DESCRIPTION OF THE TASK
Without including any pictures, reproduce all the lines below word for word.

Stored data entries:
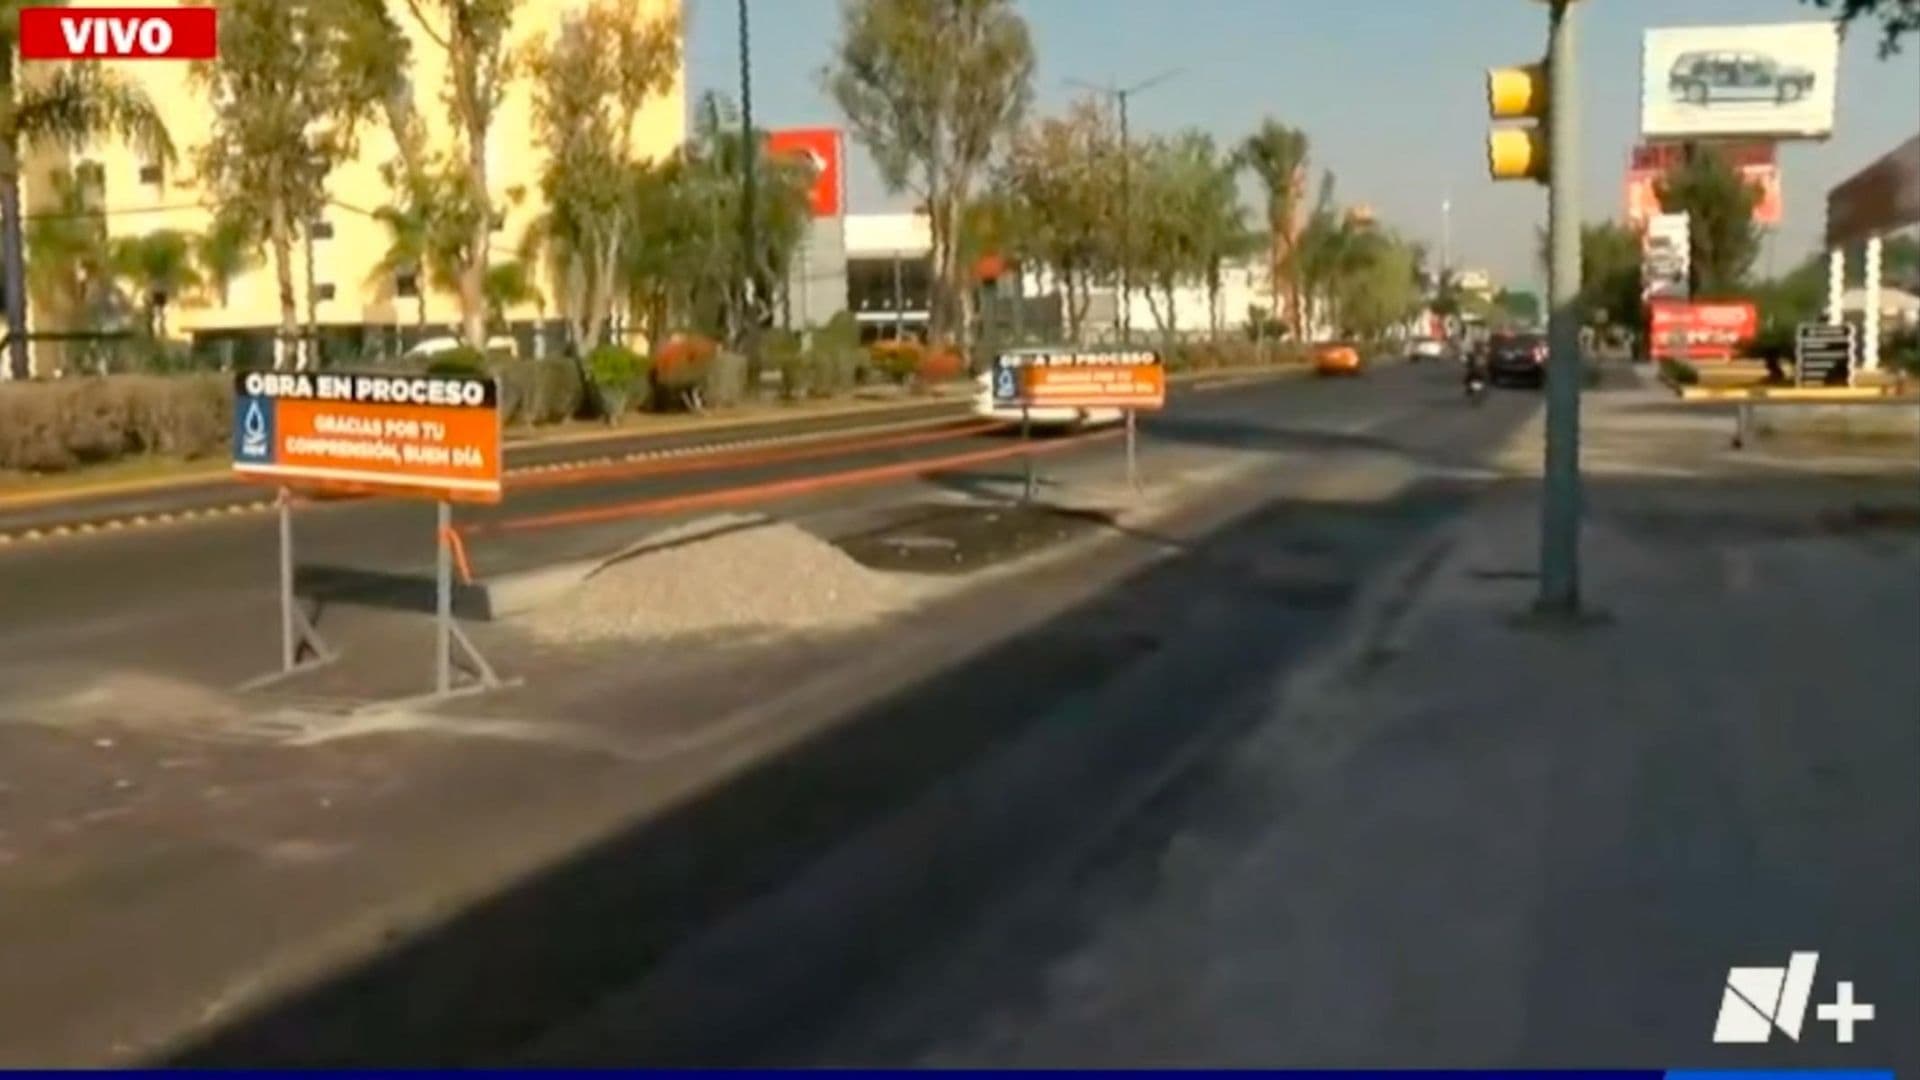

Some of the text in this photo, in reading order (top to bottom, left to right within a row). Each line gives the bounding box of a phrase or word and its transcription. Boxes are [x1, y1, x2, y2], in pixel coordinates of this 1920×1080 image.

[246, 372, 484, 405] OBRA EN PROCESO
[314, 414, 445, 441] GRACIAS POR TU
[402, 444, 449, 465] BUEN
[451, 446, 484, 469] DÍA
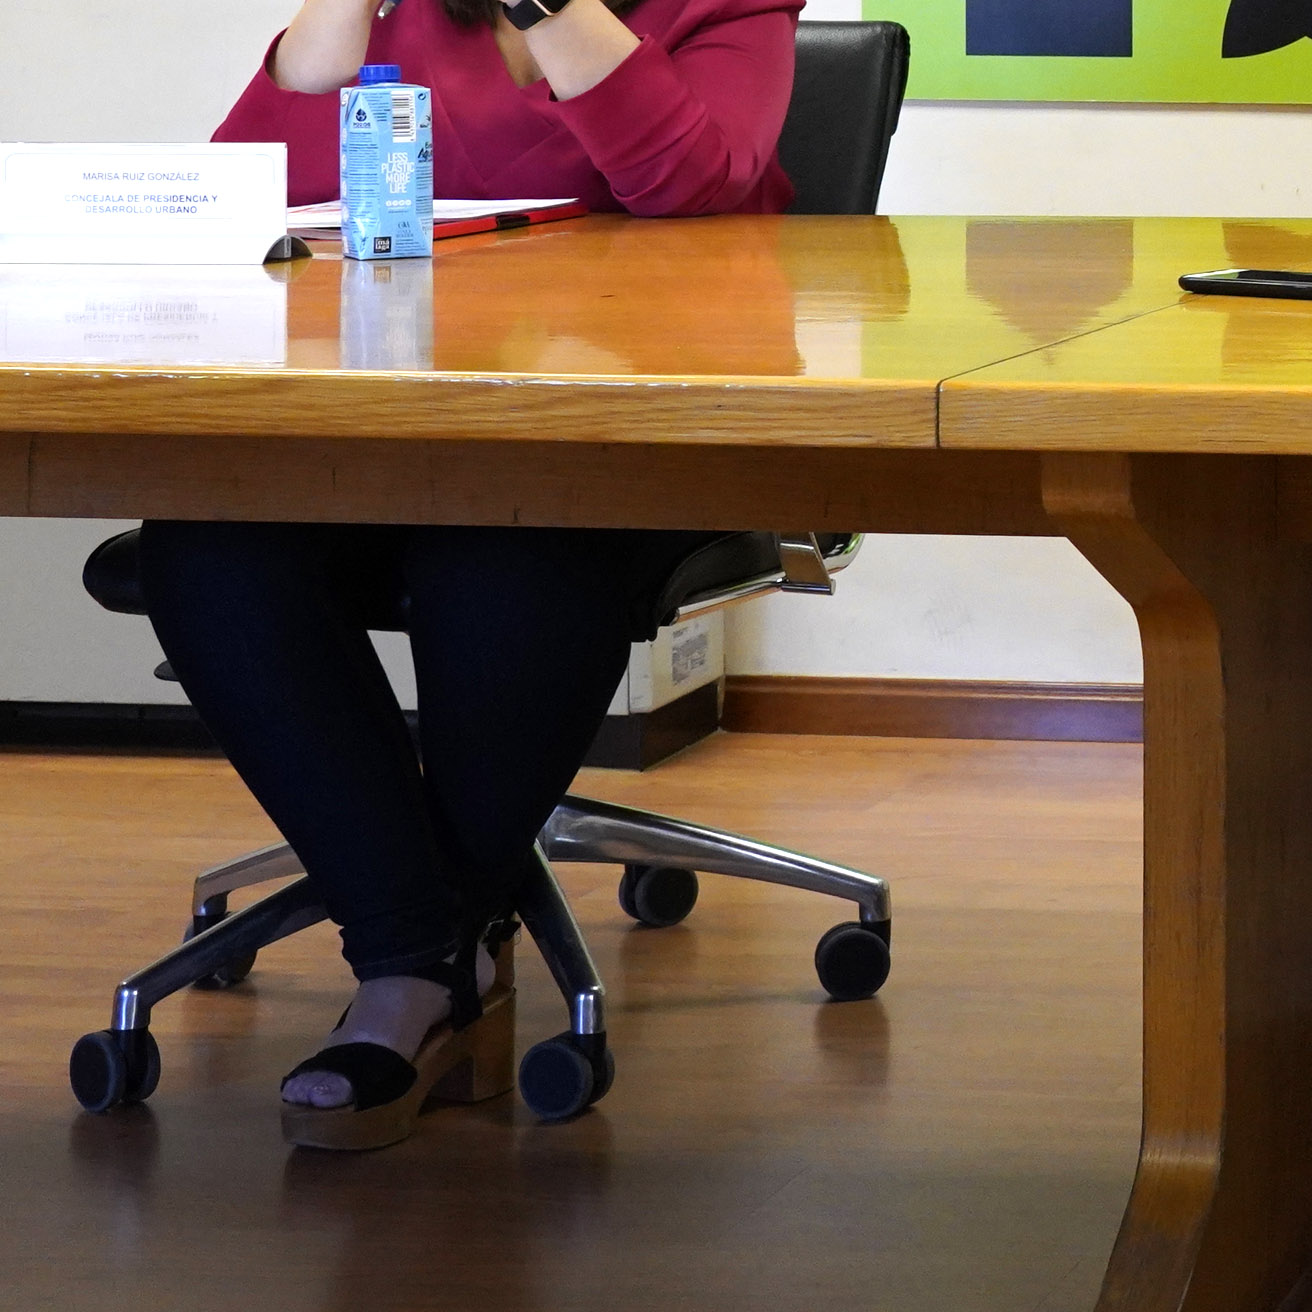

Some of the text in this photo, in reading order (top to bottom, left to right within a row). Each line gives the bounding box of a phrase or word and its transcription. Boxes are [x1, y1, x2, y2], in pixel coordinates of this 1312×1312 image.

ANSWER TO THIS EXERCISE
Some of the text in this photo, in reading order (top to bottom, left to right within a row). Each line gives the bounding box of a phrase or word and its transcription. Boxes are [x1, y1, x2, y2], in pixel coordinates of this 1920×1080 image.

[246, 372, 484, 405] OBRA EN PROCESO
[314, 414, 445, 441] GRACIAS POR TU
[402, 444, 449, 465] BUEN
[451, 446, 484, 469] DÍA

Some of the text in this photo, in reading order (top to bottom, left to right within a row). Each line gives the bounding box of a phrase or word and its transcription. Boxes are [x1, y1, x2, y2], in pixel coordinates of this 1312×1312 image.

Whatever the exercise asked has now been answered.